Plot AUCDF

Overall evaluation of PSSMs in the PSP dataset

In this notebook, we will evaluate PSSMs derived from two methods:PSPA and CDDM, using kinase-substrate datasets from PhosphoSitePlus (PSP). We will use AUCDF (Area Under Cumulative Distribution Function) to evaluate.

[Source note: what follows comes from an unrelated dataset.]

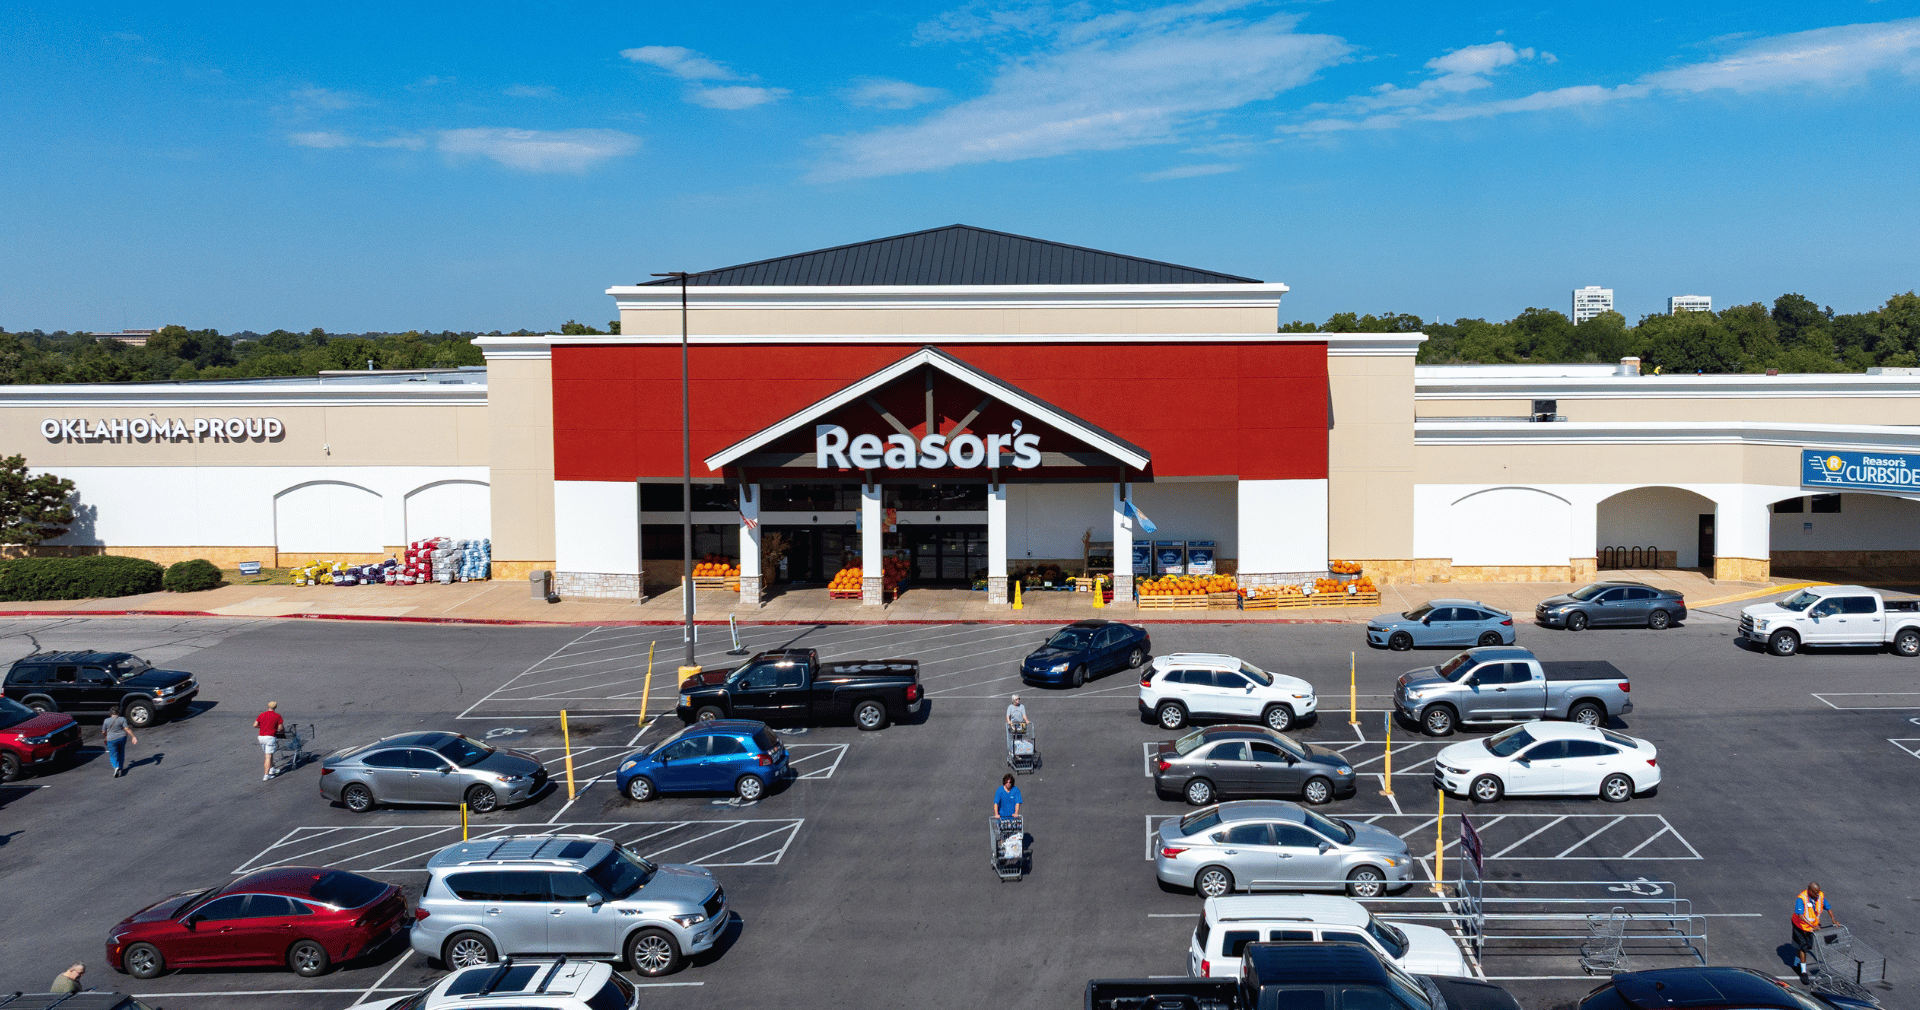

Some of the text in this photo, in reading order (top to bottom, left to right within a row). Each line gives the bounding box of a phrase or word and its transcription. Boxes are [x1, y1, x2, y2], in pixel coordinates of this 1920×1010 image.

AUCDF was previously introduced to evaluate PSSMs in the paper An atlas of substrate specificities for the human serine/threonine kinome.

Setup

from katlas.imports import *
import pickle,pandas as pd, seaborn as sns
from matplotlib import pyplot as plt

Get kinase idx map

info = Data.get_kinase_info().query('pseudo=="0"')

info = info[['kinase','ID_coral','ID_HGNC']].map(lambda x: x.upper())

kinase_map = {}
for idx, row in info.iterrows():
    # Add each of the different kinase name formats to the map
    kinase_map[row['ID_coral']] = row['kinase']
    kinase_map[row['ID_HGNC']] = row['kinase']
    # Ensure the kinase name itself is also in the map
    kinase_map[row['kinase']] = row['kinase']

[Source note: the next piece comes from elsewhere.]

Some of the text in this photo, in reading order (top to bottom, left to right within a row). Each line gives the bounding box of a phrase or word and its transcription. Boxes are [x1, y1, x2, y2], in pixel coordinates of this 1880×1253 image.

kinase_map['ABL'] = 'ABL1'
kinase_map['HER2'] = 'ERBB2'
kinase_map['ETK'] = 'BMX'
kinase_map['MKK6'] = 'MAP2K6'
kinase_map['MKK4'] = 'MAP2K4'
kinase_map['MKK3'] = 'MAP2K3'
kinase_map['MKK7'] = 'MAP2K7'

kinase_map['ARG'] = 'ABL2'

Uncheck below to save and load kinase_map.pkl

# import pickle
# with open('raw/kinase_map.pkl', 'wb') as file:
#     pickle.dump(kinase_map, file)
    
# with open('raw/kinase_map.pkl', 'rb') as file:
#     loaded_dict = pickle.load(file)

Load kinase-substrate data from PSP

# load kinase-substrate pairs from PSP
psp = pd.read_csv('raw/PSP_Kinase_Substrate_Dataset.csv')

psp.head()

	GENE	KINASE	KIN_ACC_ID	KIN_ORGANISM	SUBSTRATE	SUB_GENE_ID	SUB_ACC_ID	SUB_GENE	SUB_ORGANISM	SUB_MOD_RSD	SITE_GRP_ID	site_seq	DOMAIN	IN_VIVO_RXN	IN_VITRO_RXN	CST_CAT#
0	Dyrk2	DYRK2	Q5U4C9	mouse	NDEL1	83431.0	Q9ERR1	Ndel1	mouse	S336	1869686801	LGSsRPSsAPGMLPL	NaN		X	NaN
1	Pak2	PAK2	Q64303	rat	MEK1	170851.0	Q01986	Map2k1	rat	S298	448284	RtPGRPLsSYGMDSR	Pkinase		X	9128; 98195
2	Pak2	PAK2	Q64303	rat	PRKD1	85421.0	Q9WTQ1	Prkd1	rat	S203	449896	GVRRRRLsNVsLTGL	NaN	X		NaN
3	Pak2	PAK2	Q64303	rat	prolactin	24683.0	P01237	Prl	rat	S206	451732	IRCLRRDsHKVDNYL	Hormone_1		X	NaN
4	Pak2	PAK2	Q64303	rat	prolactin	5617.0	P01236	PRL	human	S207	451732	LHCLRRDsHKIDNYL	Hormone_1		X	NaN

As there are some sequences in ‘site_seq’ column that do not have s/t/y at the center position, we need to remove them.

# For site sequence
psp = psp.loc[psp.site_seq.str[7].isin(list('stySTY'))]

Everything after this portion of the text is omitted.